Сериал с открытым финалом. Участь человечности в зеркале кинематографа. Юрий Богомолов
Чтение книги онлайн.
Читать онлайн книгу Сериал с открытым финалом. Участь человечности в зеркале кинематографа - Юрий Богомолов страница 14
Вуаль, впрочем, достаточно прозрачная. Фильм заканчивается не торжеством во славу великого Октября. Последние кадры нас возвращают к расстрелянному Николаю Кадкину. У его тела склонился горюющий солдат. За кадром продолжает звучать революционный марш. Солдат приподымается, словно услышав его через горы и расстояния, и обращается к лежащему навзничь Кадкину: «Вставай, вставай, Николай». Трясет его: «Коля, Колечка, вставай!» Колечка открыл глаза и, как однажды уже отвечал на подобное обращение, спросил: «Чего тебе?» Потом пообещал: «Щас…» и, улыбнувшись, выдохнул: «Во горячка-то». Улыбка таяла с затемнением последнего кадра.
Фильм не причислишь к тому корпусу картин, что назывались историко-революционными. Он не похож на трилогию Козинцева и Трауберга о Максиме. И на «Чапаева» он не походит ни по тонусу, ни по смыслу.
«Окраина» – белая ворона в ряду советских кинолент начала 1930-х годов. В фильме такая сердечная поэзия человечности, что она пробивает все стереотипы восприятия, коими так была богата казенная история.
Этот фильм не про социальные предпосылки Октября. И не про империалистическую войну, а именно про основание оснований человеческой цивилизации. Сама же Первая мировая война здесь прием, позволяющий, как сегодня принято говорить, тестировать эти основания. Или, по крайней мере, намекнуть на них.
В условиях обострившейся, как мы знаем, классовой борьбы в 1930-е годы такой подтекст делал картину чрезвычайно уязвимой для идеологической проработки. Даром что абстрактный гуманизм не одобрялся ни при развитом сталинизме, ни при его одряхлении. И недаром «Окраина» жива по сию пору.
***
О войне как о факторе расчеловечивания человека Чаплин выскажется в 1940 году в фильме «Великий диктатор», с высоты которого «На плечо» смотрится как своего рода увертюра. В том смысле, что уже в этой короткометражке опознаваемы некоторые мотивы большой картины Чаплина.

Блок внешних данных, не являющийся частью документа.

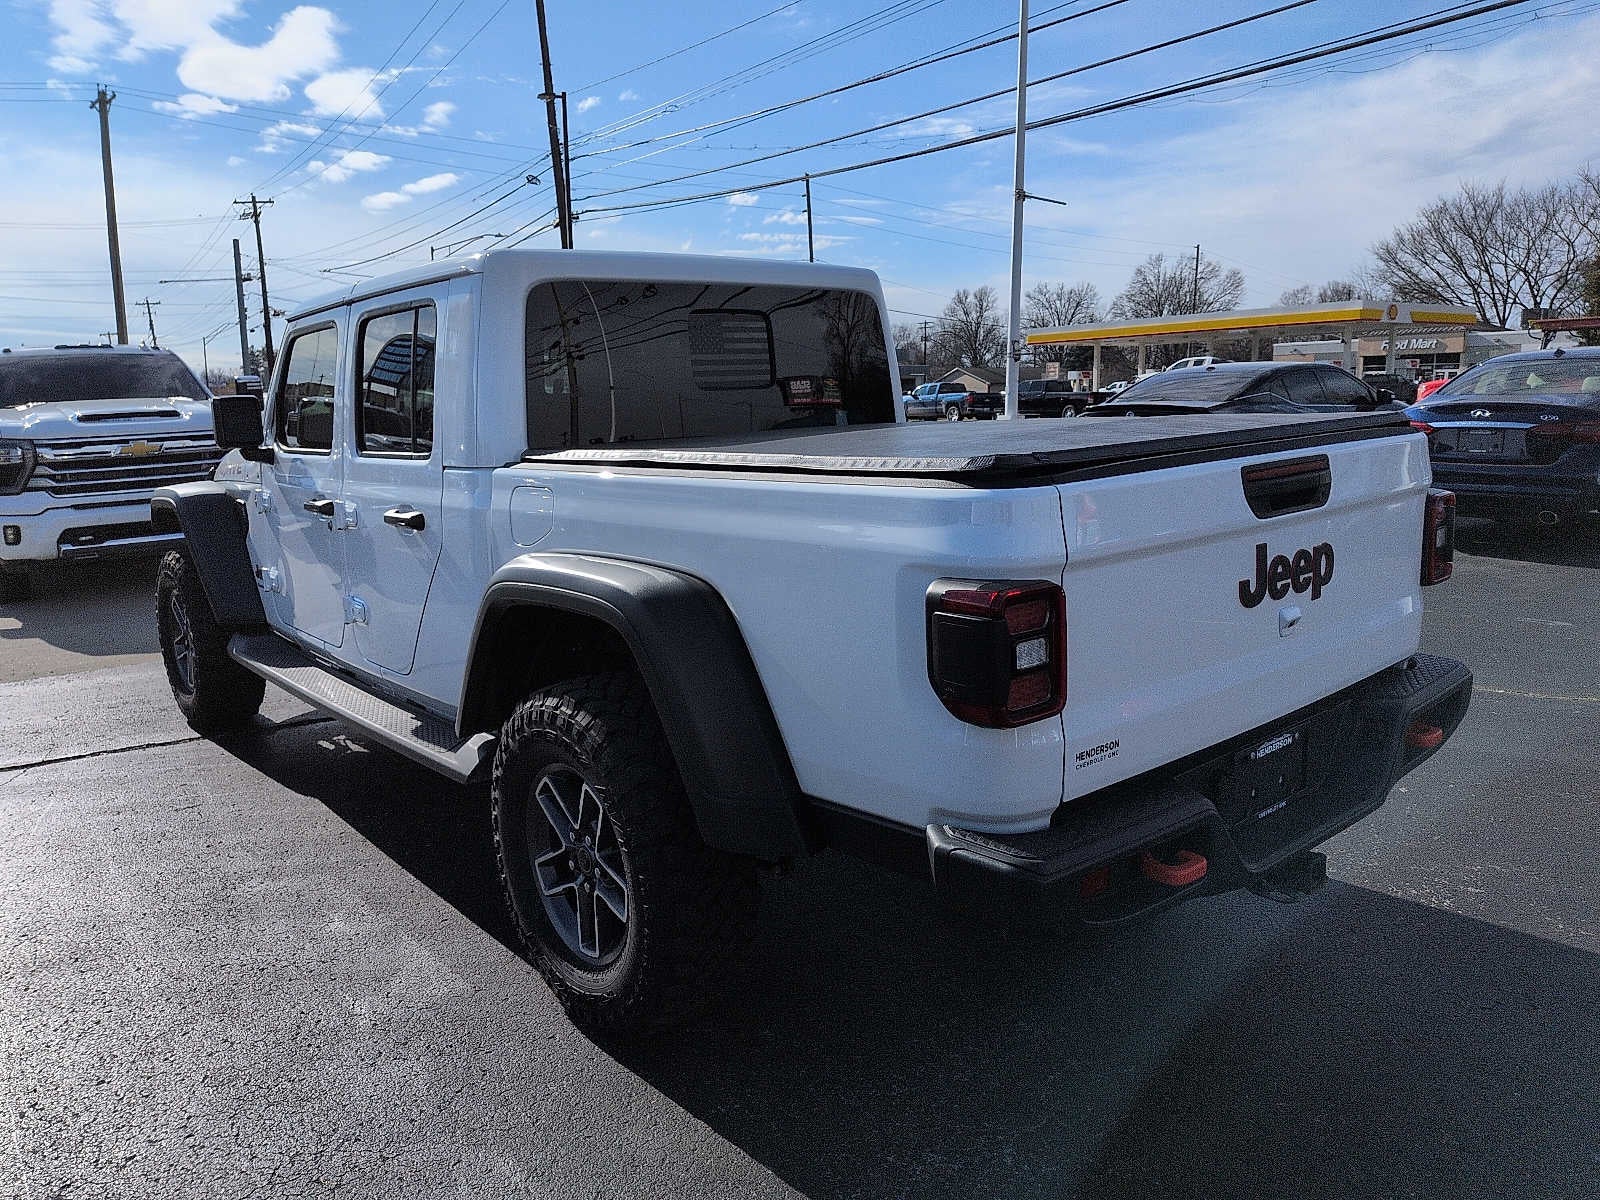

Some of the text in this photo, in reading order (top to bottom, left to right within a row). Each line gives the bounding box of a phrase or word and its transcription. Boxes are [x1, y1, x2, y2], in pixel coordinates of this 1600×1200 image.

[1381, 338, 1437, 351] Fod Mart
[1239, 542, 1334, 608] Jeep
[1075, 739, 1120, 762] HENDERSON
[1256, 735, 1293, 759] HENDERSON

У мирного вояки Шарло есть в некотором роде антипод в стане врага. Это тот самый мелкий командир, по лицу которого расползлась сырная масса. Его одолевает то и дело агрессивный раж. Задним числом он смотрится как предтеча Хинкеля. Уж они-то, цирюльник и диктатор, – враги без какой-либо геополитической или этнической подкладки. Они враги по сути. Один человек – человек. Другой – не вполне. Но если обоих обмундировать, то и не отличишь одного от другого.
Тема внешнего сходства внутренне несходных людей слегка намечена в короткой картине Чаплина, а уже в полнометражном его фильме станет главной пружиной сюжетного механизма.
Что же касается Первой мировой войны, то она оказалась необычайно эффективным приемом и для Чаплина, и для Барнета в силу того, что явилась одной из самых болезненных травм в истории человеческой цивилизации.